By checking the aforementioned boxes, the Customer declares that he/she has read and unreservedly accepted the GCS and other aforementioned documents before validating his/her Order.

  • Validation of the order implies acceptance by the Customer, with full knowledge of the facts and without reservation, of the quantities, products and services as well as the obligation to pay for them.


4.4 Conditions common to all Orders


The Order will only be taken into account by the Company if the Customer has clearly identified him/herself by providing the information required in the order form (name, address, telephone number, e-mail address, correct delivery and billing address, etc.).


Product offers are valid as long as they are visible on the Site, while stocks last.


The information provided by the Customer at the time of placing an Order is binding, particularly in the event of error.


The minimum order is 60 boxes of medical devices.


The Products sold are strictly intended for resale within the Customer's usual network. By placing an order, the Customer agrees not to resell the Products via any distribution channel that may be detrimental to the Customer's image and/or consumer safety, in particular via a marketplace.  The Company reminds you that the Products sold are medical devices and that precautions must be taken when selling them.

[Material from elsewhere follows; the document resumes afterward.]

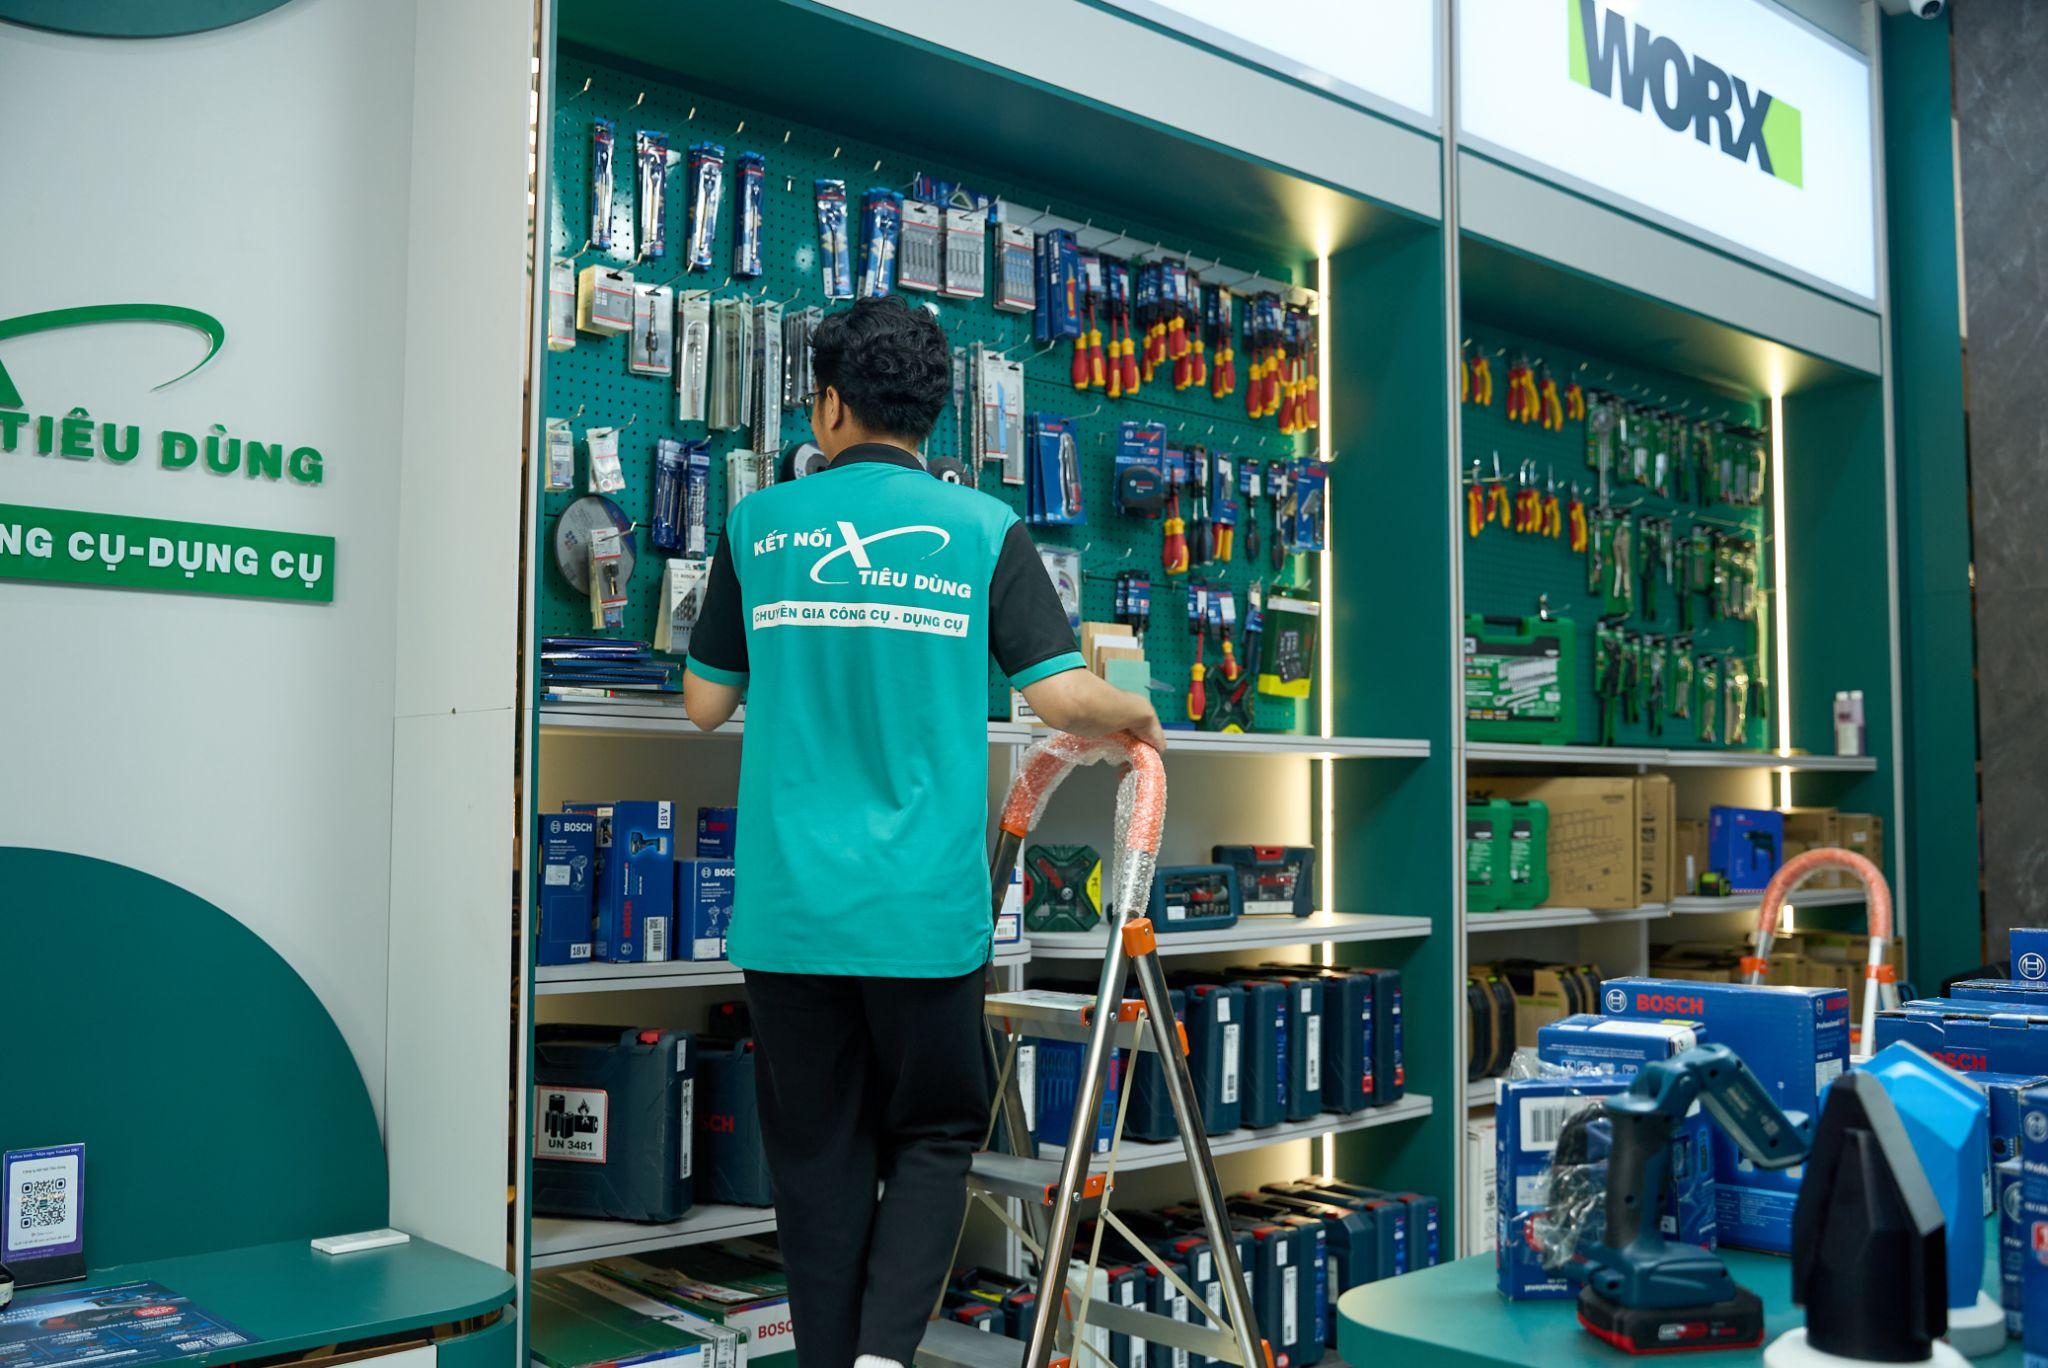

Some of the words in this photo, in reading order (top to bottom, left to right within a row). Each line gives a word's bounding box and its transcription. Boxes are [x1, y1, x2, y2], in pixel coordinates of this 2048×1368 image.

The Company reserves the right to cancel or refuse any order from a Customer with whom there is a dispute relating to the payment of a previous order.



4.5. Order Confirmation - Order Tracking


In the case of internet orders, the Contract is only definitive after Order Confirmation by the Company, which will be sent by e-mail.


A legally binding contract is only concluded if the Company sends an order confirmation or if the goods are received by the Customer within a few weeks of the order being placed.


Acceptance of the offer is at the discretion of the Company. Order Confirmation is always subject to subsequent verification of available stocks, but within a reasonable period of time.


The confirmation e-mail sent to the Customer summarizes all the elements relating to the Order (products, services, price, charges, quantity, etc.). It is the Customer's responsibility to check the accuracy of the order and to immediately report any errors.


Internet Orders require the Customer to have a valid e-mail address and mailbox. Failing this, the Customer will not be able to receive written confirmation of the Order.


We recommend that you keep this confirmation or print it out.


In certain cases, notably for non-payment, incorrect address or any other problem related to the Personal Account, the Company reserves the right to block the Order until the problem has been resolved.


The Company reserves the right to cancel or refuse the Order of a Customer with whom there is a dispute relating to the payment of a previous Order.


4.5. Cancellation - Modification of the Order


No cancellation or modification of the Order by the Customer after acceptance by the Company is permitted.





The Company reserves the right to modify the range of Products offered for sale in its Catalogues at any time without prior notice. Product offers made by the Company are subject to availability.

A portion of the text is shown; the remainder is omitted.